GOAL OF THE EXERCISE: Locate the line that contains "Some of the words" in the entries below. Retype it and all following lines through the final one, character for character.

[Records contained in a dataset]

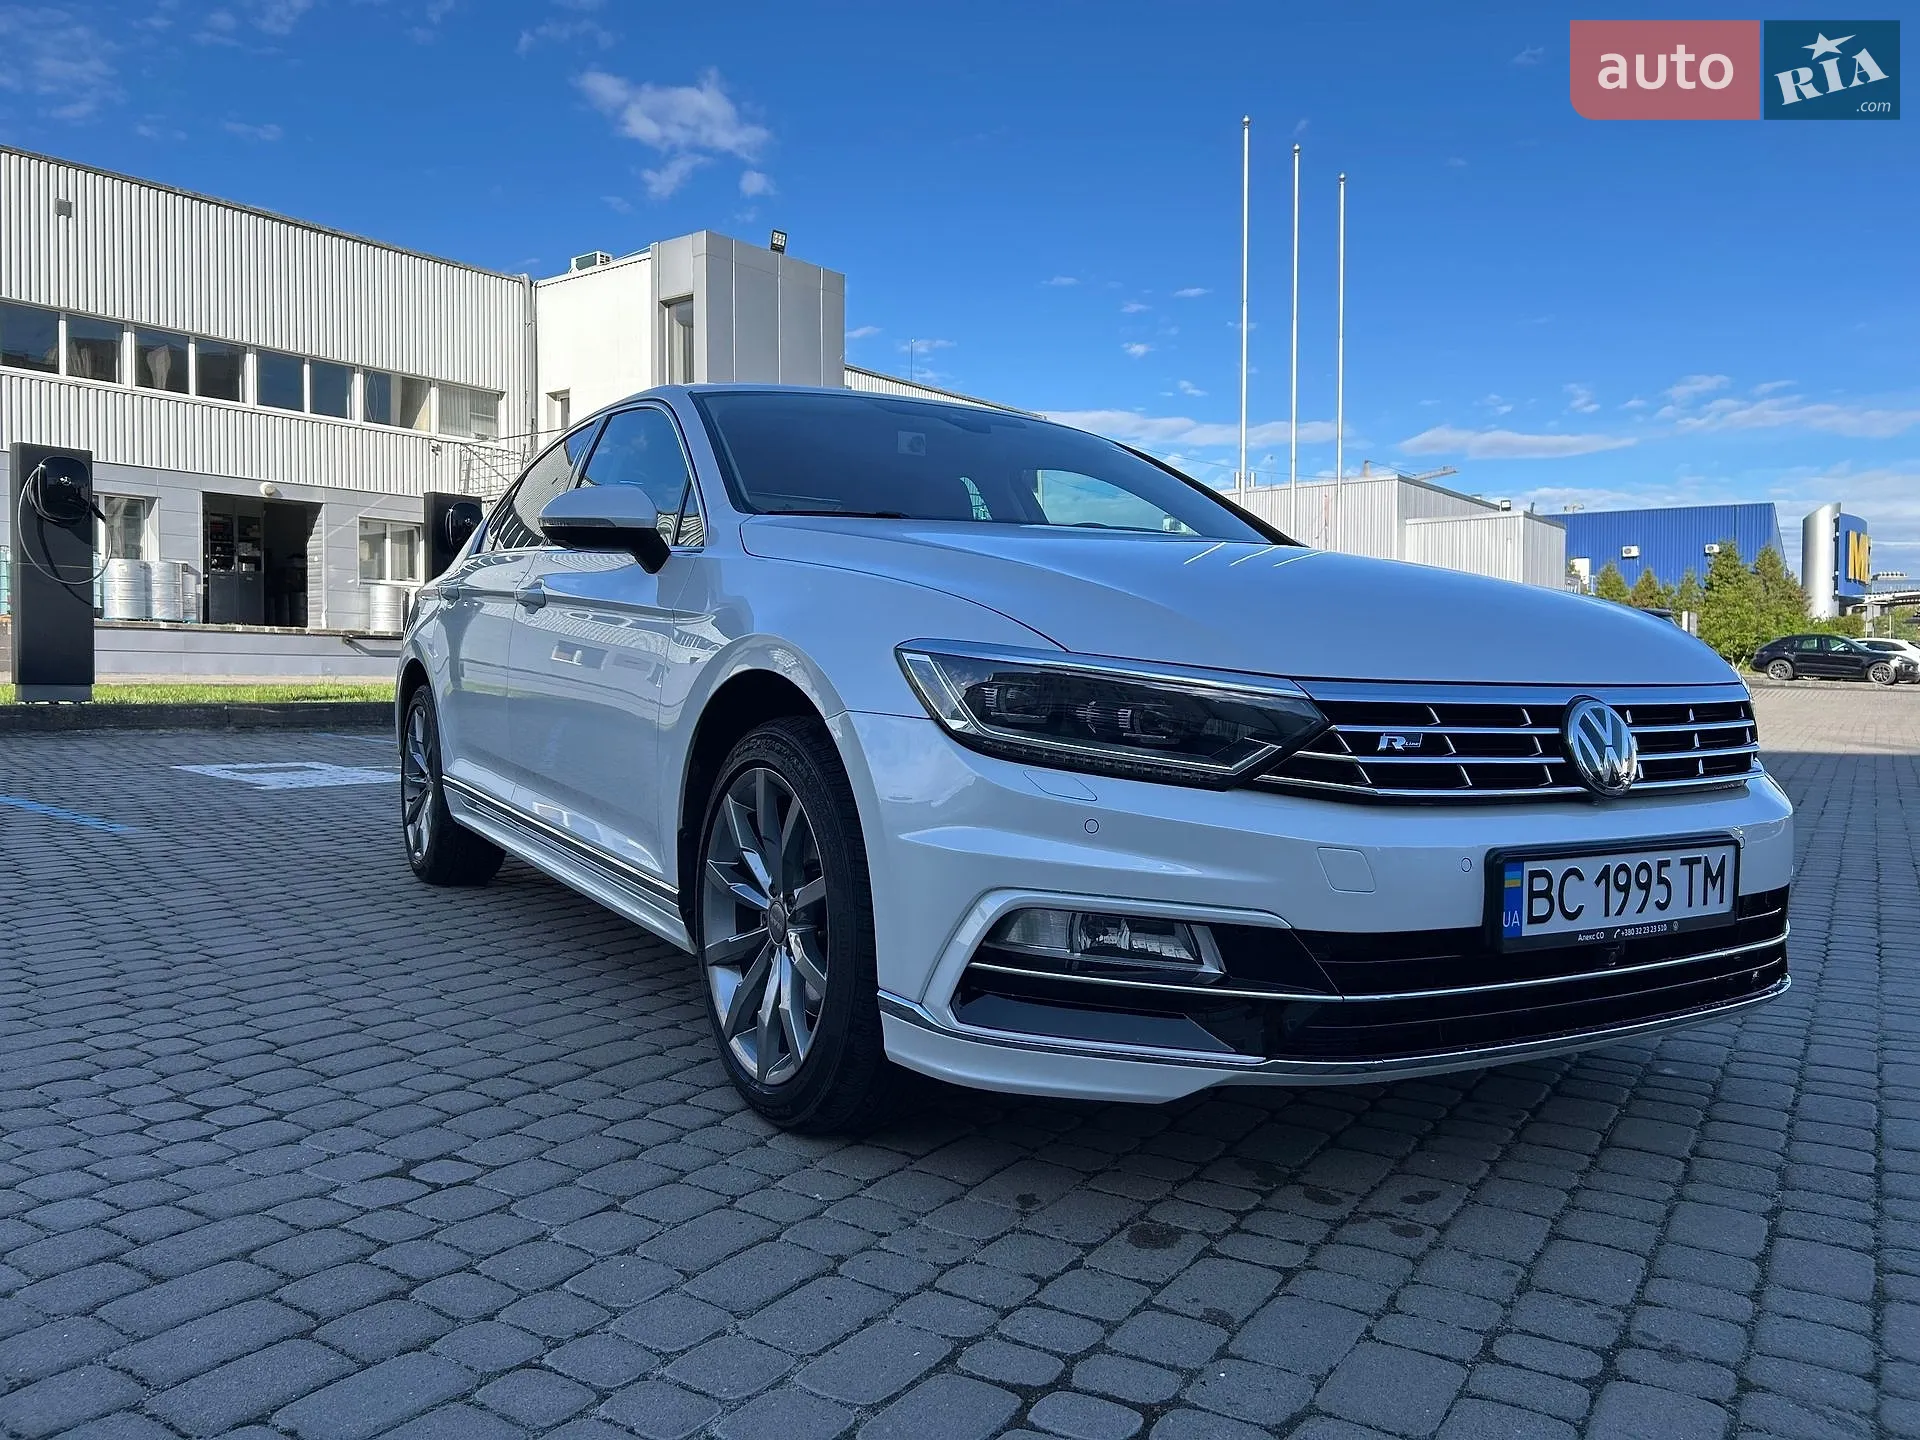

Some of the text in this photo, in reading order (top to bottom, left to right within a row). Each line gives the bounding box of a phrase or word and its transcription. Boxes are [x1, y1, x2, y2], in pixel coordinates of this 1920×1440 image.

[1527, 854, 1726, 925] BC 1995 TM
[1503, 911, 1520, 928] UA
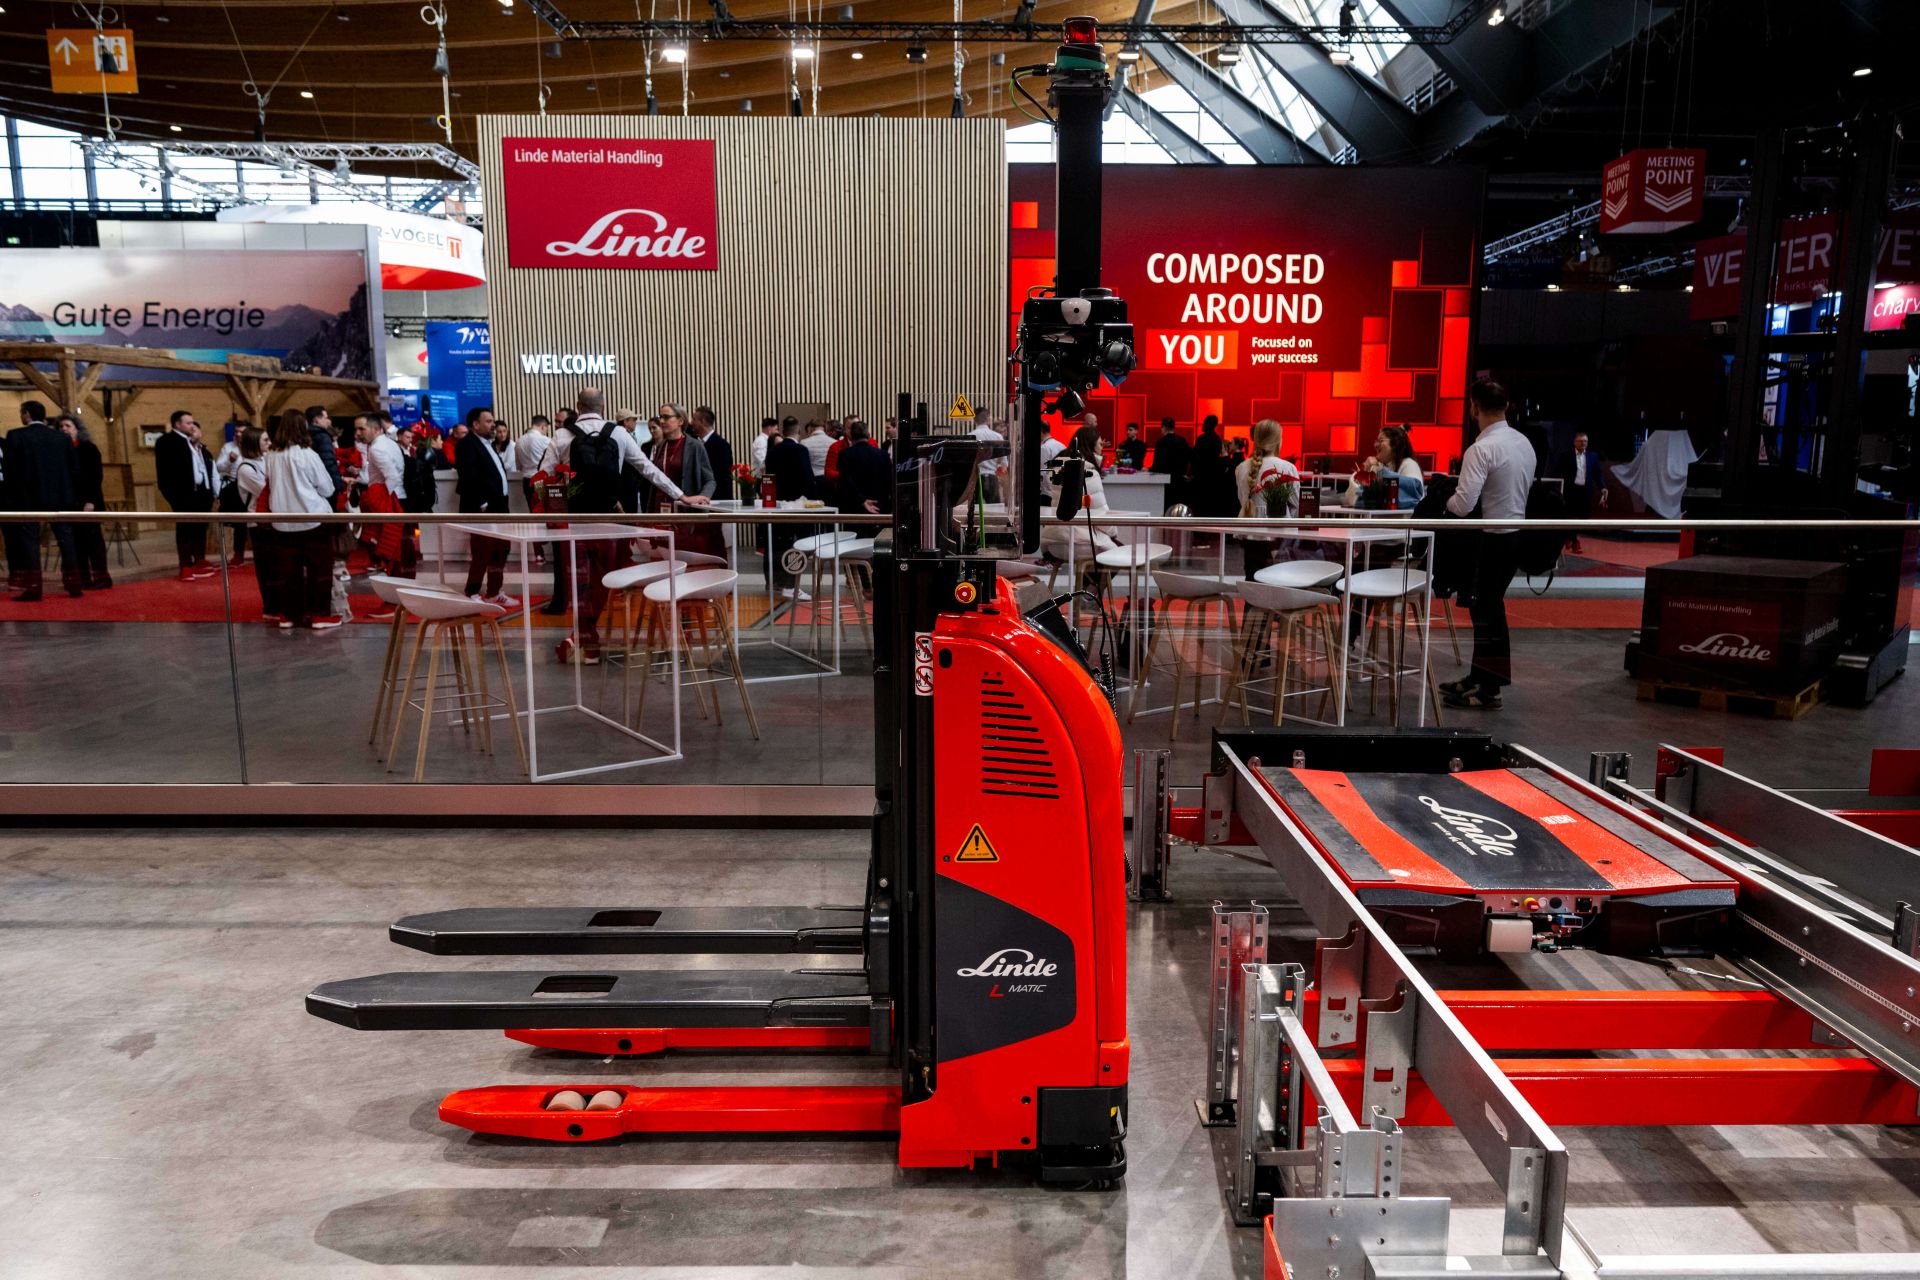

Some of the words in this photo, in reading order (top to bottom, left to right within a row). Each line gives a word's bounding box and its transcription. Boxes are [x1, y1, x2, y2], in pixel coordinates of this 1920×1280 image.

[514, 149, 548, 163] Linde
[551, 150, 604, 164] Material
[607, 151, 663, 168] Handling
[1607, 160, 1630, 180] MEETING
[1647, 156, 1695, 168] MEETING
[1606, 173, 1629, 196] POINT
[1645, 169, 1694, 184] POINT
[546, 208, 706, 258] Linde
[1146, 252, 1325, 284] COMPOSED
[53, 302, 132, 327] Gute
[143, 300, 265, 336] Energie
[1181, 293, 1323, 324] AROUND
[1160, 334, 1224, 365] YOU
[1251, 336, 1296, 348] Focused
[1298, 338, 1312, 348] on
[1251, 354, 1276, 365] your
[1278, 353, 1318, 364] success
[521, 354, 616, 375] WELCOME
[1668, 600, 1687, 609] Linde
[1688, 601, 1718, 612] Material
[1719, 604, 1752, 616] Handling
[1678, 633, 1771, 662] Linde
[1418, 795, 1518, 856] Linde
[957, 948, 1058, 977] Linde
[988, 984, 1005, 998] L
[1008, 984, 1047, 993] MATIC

WRITTEN RESPONSE:
Some of the words in this photo, in reading order (top to bottom, left to right within a row). Each line gives a word's bounding box and its transcription. Boxes are [x1, y1, x2, y2], in pixel coordinates of this 1920×1280 image.

[514, 149, 548, 163] Linde
[551, 150, 604, 164] Material
[607, 151, 663, 168] Handling
[1607, 160, 1630, 180] MEETING
[1647, 156, 1695, 168] MEETING
[1606, 173, 1629, 196] POINT
[1645, 169, 1694, 184] POINT
[546, 208, 706, 258] Linde
[1146, 252, 1325, 284] COMPOSED
[53, 302, 132, 327] Gute
[143, 300, 265, 336] Energie
[1181, 293, 1323, 324] AROUND
[1160, 334, 1224, 365] YOU
[1251, 336, 1296, 348] Focused
[1298, 338, 1312, 348] on
[1251, 354, 1276, 365] your
[1278, 353, 1318, 364] success
[521, 354, 616, 375] WELCOME
[1668, 600, 1687, 609] Linde
[1688, 601, 1718, 612] Material
[1719, 604, 1752, 616] Handling
[1678, 633, 1771, 662] Linde
[1418, 795, 1518, 856] Linde
[957, 948, 1058, 977] Linde
[988, 984, 1005, 998] L
[1008, 984, 1047, 993] MATIC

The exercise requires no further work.